Thursday, May 25, 2017

Transformative Ecological Economics

Fritjof Capra writes the Foreword to this new book. An excerpt of that Foreward:

"The basic pattern of organization of a living system is the network. Ecosystems are understood in terms of food webs, i.e. networks of organisms; organisms are networks of cells, and cells are networks of molecules. More precisely, a living system is a self-generating network. Each component of the network helps to transform and replace other components, and thus the entire network continually creates, or recreates, itself.

"According to this systemic conception of life, neither the economy nor society can be understood as collections of objects, but only in terms of relationships between subjects. They cannot survive in an atomized state any more than an organism can survive in fragments. Moreover, the fact that the basic pattern of organization of all living systems is the network implies that an economy will be truly alive — flexible and capable of creative adaptations to changing circumstances — only if it is organized as a network, composed of smaller living networks and integrated into larger social and ecological networks. Indeed, Jakobsen argues that a new ecological economy might be best developed from a network of decentralized and globally interconnected ecovillages.

"A living system is materially and energetically open and always operates far from equilibrium. There is a continual flow of energy and matter through the system. All living systems need energy and food to sustain themselves, and all living systems produce waste. But in nature, organisms form communities, the ecosystems, in which the waste of one species is food for the next, so that matter cycles continually through the ecosystem.


"For a living economy this means that all economic processes need to be circular. Circular value chains make it possible to reduce both the consumption of virgin natural resources and the amount of waste that goes back to nature. To establish efficient material cycles in practice, as Jakobsen emphasizes, collaboration between governments, manufacturers, distributors, and consumers is essential. To build such a circular economy, our technologies and industrial systems need to be fundamentally redesigned, mimicking the natural ecological cycles.

"In living systems, the metabolic flows of energy and matter are necessary for the continual regeneration and recycling of organic components, as well as for growth and development. However, there is a significant difference between the concepts of growth from a mechanistic and from a systemic perspective. Growth in nature is not linear, nor unlimited. While certain parts of organisms, or ecosystems, grow, others decline, releasing and recycling their components which become resources for new growth. This kind of balanced, multi-faceted growth is well known to biologists and ecologists, and it is in stark contrast to the concept of unlimited quantitative growth used by virtually all of today’s economists.

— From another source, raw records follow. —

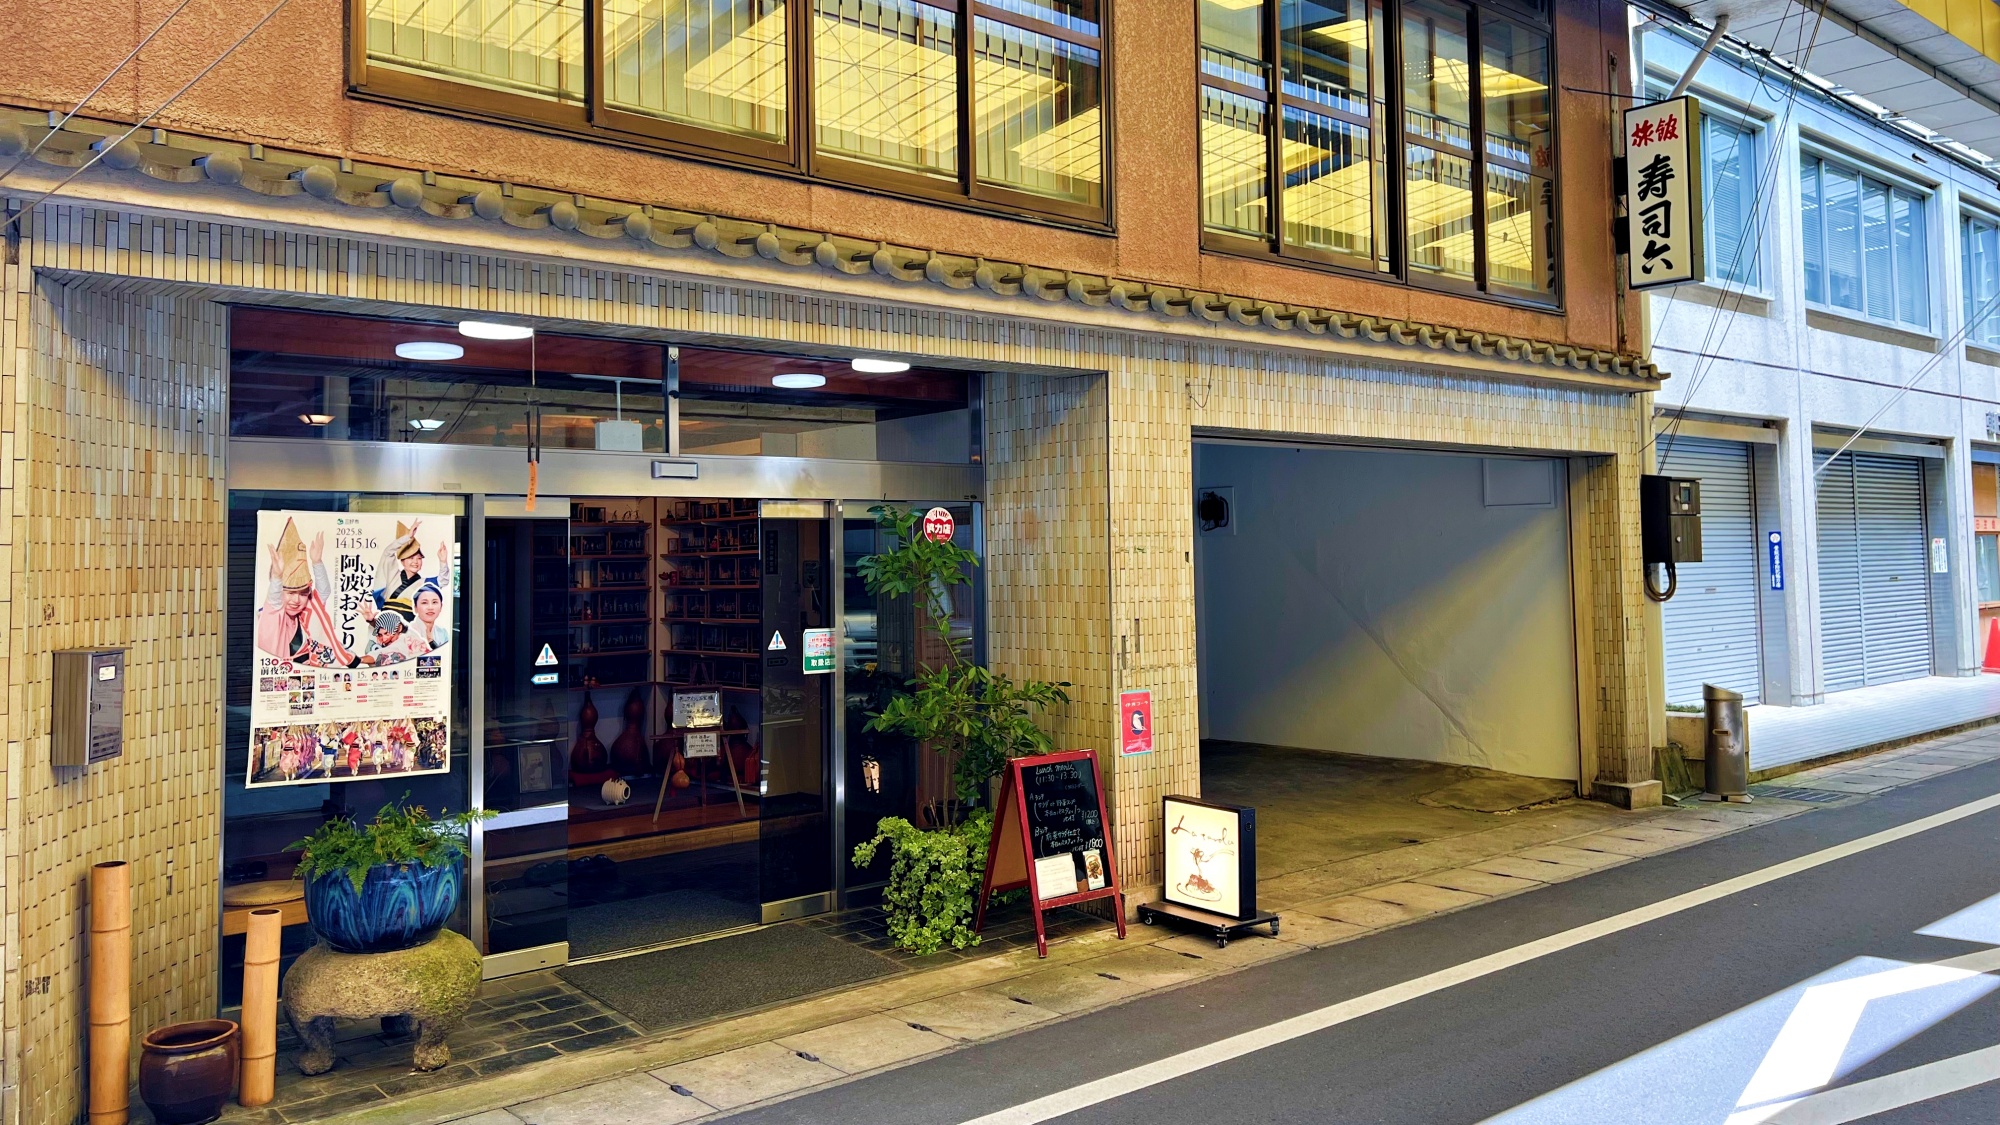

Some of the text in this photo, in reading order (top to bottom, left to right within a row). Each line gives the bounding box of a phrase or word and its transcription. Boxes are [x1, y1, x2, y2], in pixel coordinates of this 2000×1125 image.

[1637, 153, 1675, 275] 寿司六
[336, 528, 362, 536] 2025.8
[359, 563, 375, 602] いけだ
[340, 554, 360, 650] 阿波おどり
[260, 658, 271, 666] 13
[811, 658, 835, 667] 取扱店
[260, 664, 290, 675] 前夜祭
[404, 669, 412, 677] 16
[357, 671, 365, 679] 15
[1036, 764, 1053, 775] Lunch
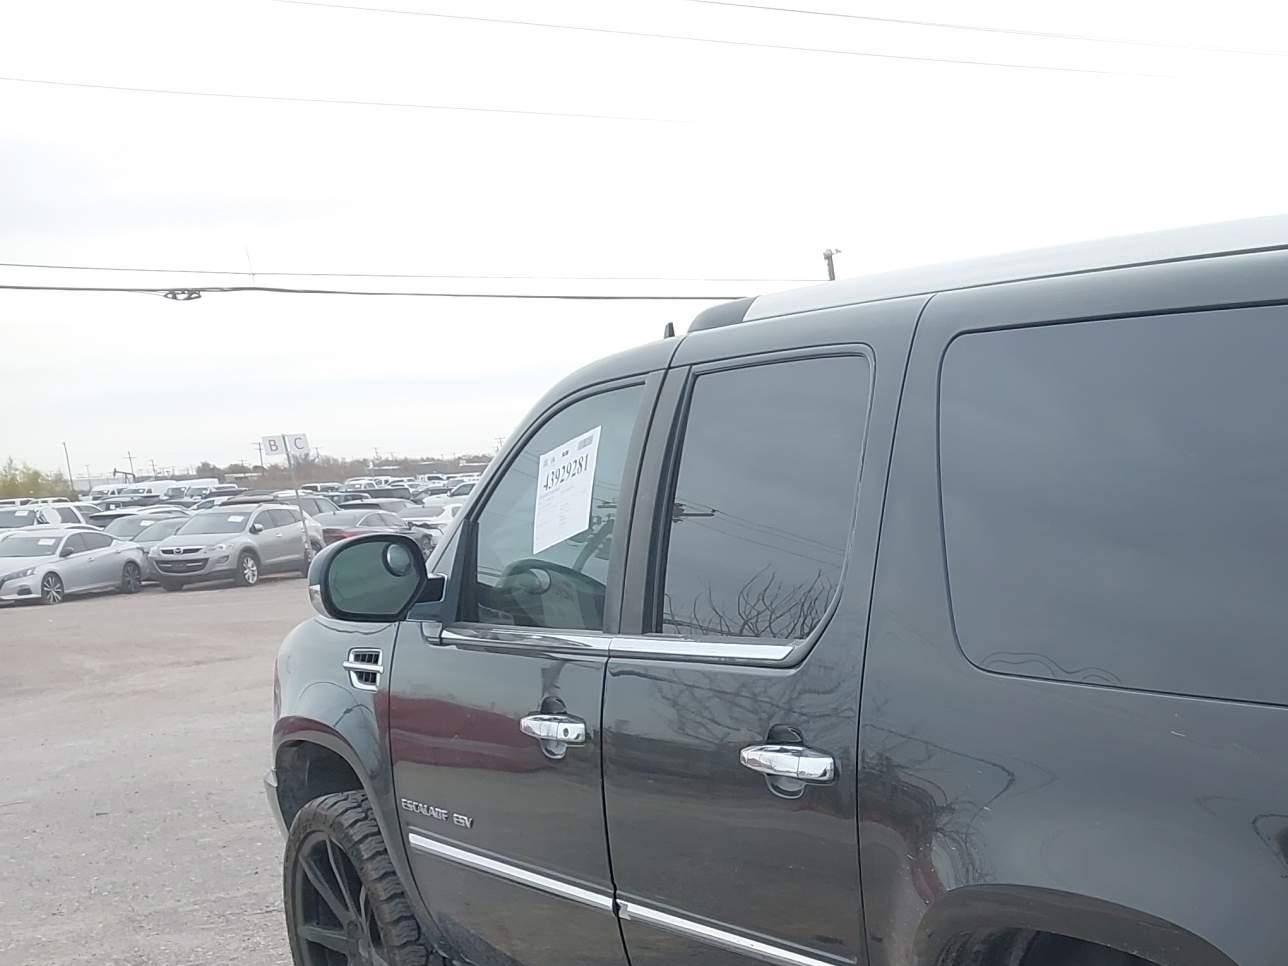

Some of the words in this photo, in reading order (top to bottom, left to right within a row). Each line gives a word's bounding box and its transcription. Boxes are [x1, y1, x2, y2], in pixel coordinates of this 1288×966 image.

[268, 439, 279, 452] B
[294, 437, 305, 450] C
[543, 453, 590, 491] 43929281
[401, 798, 448, 821] ESCALADE
[453, 813, 473, 829] ESV
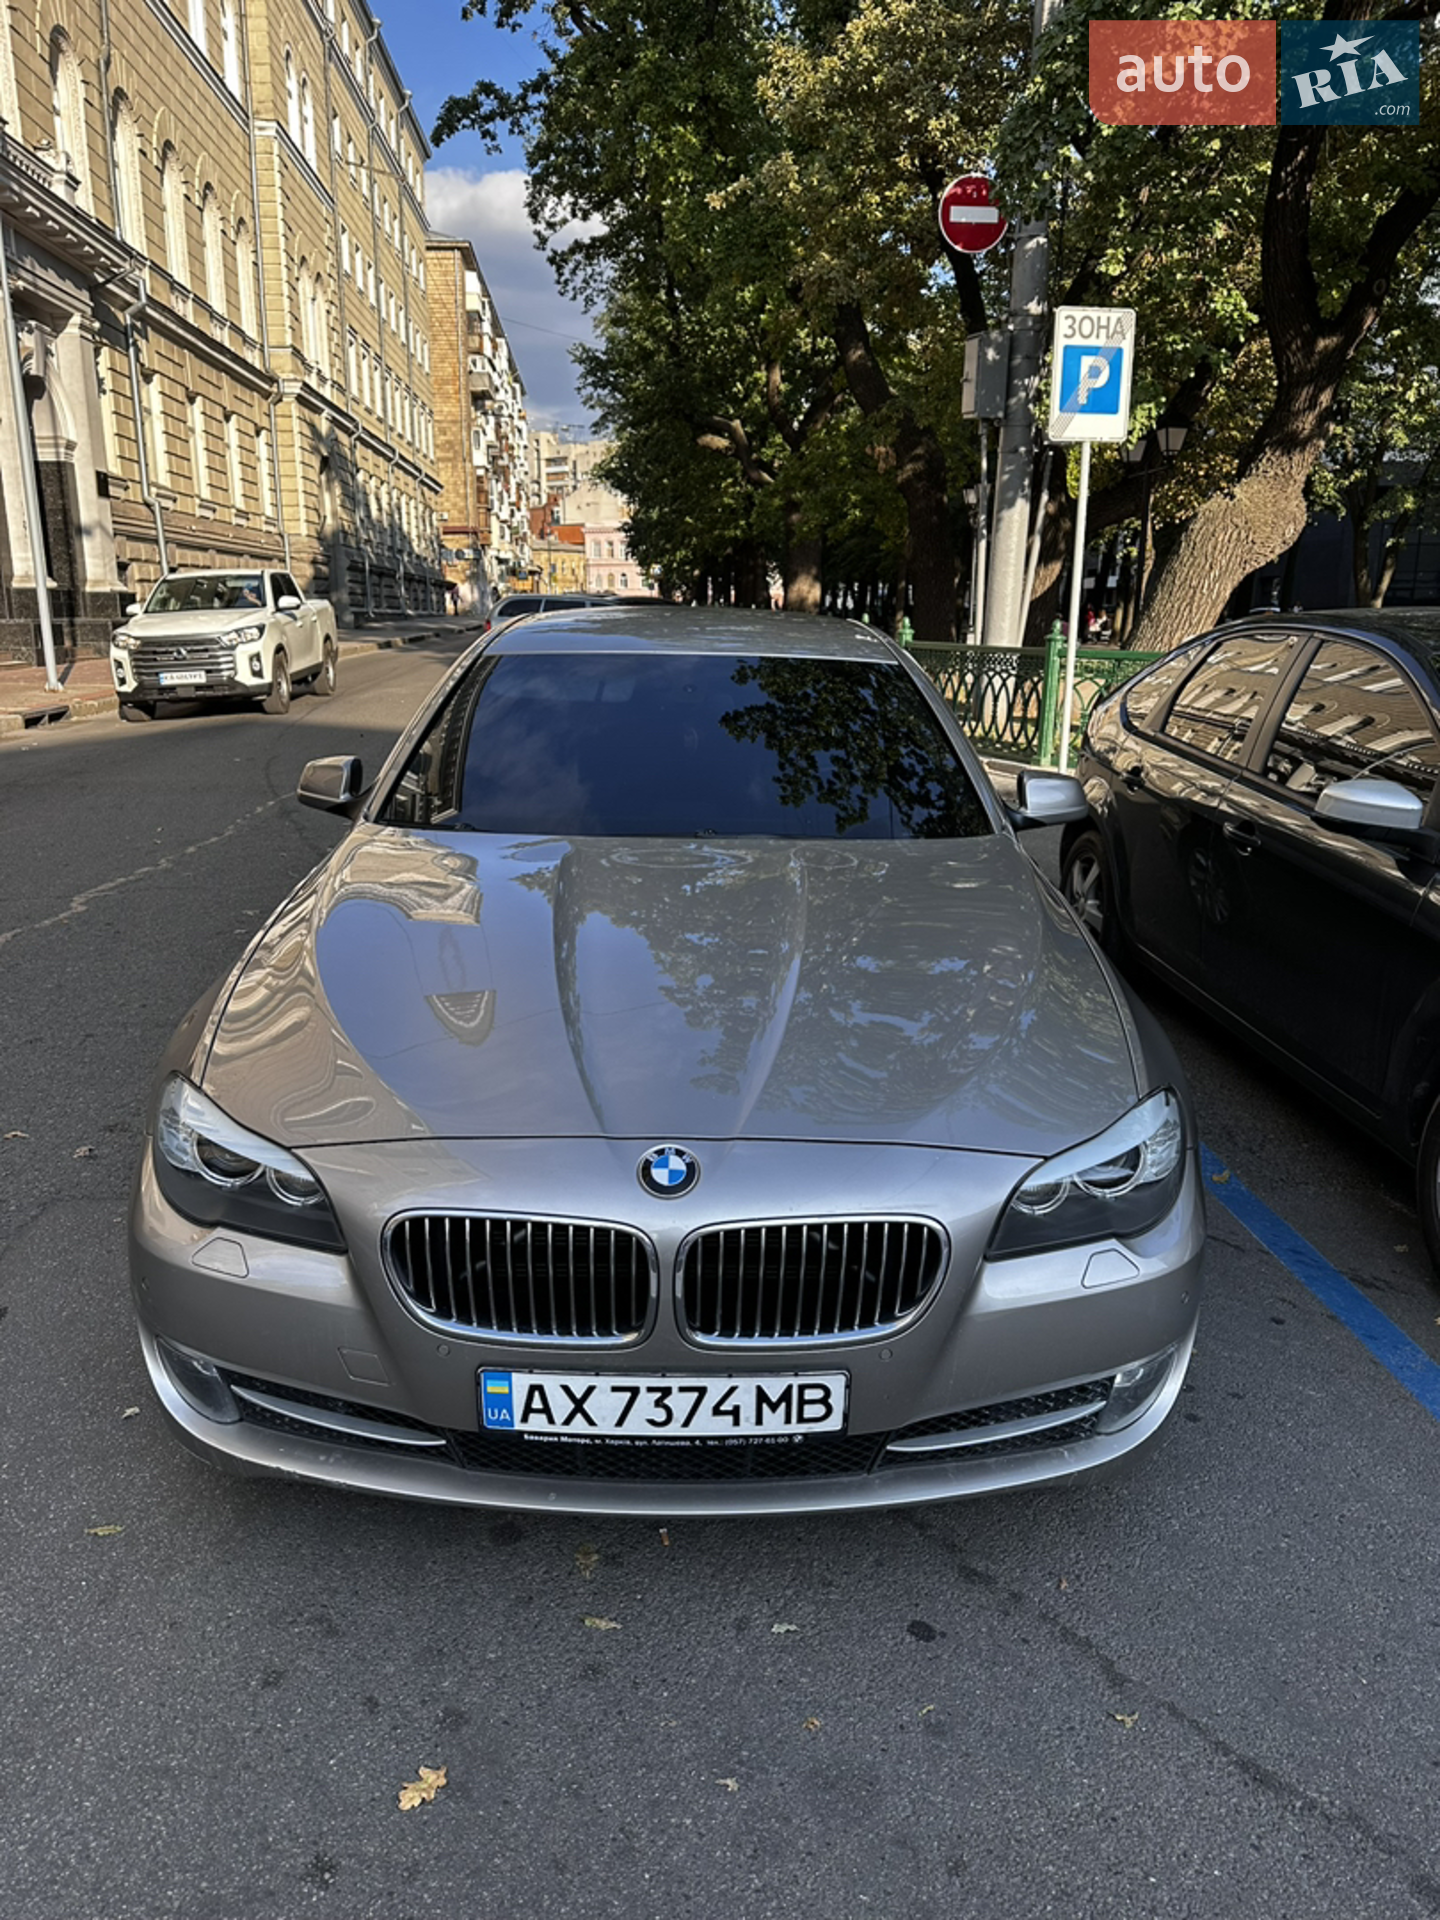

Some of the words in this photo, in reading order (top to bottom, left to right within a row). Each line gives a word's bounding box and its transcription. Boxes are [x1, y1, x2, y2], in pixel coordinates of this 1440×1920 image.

"Unlimited economic growth on a finite planet is, of course, logically impossible. The objective of boundless quantitative growth is thus a dangerous misconception, which can be seen as the ultimate dilemma underlying most of our global problems. In his vision of ecological economics, Jakobsen advocates a fundamental shift from quantitative growth to qualitative development. Such qualitative development involves growth that enhances the quality of life through generation and regeneration. In living organisms, ecosystems and societies, qualitative development includes an increase of complexity, sophistication, and maturity.

"The aim is to change the economy in a direction where it is possible to create a high quality of life without material growth."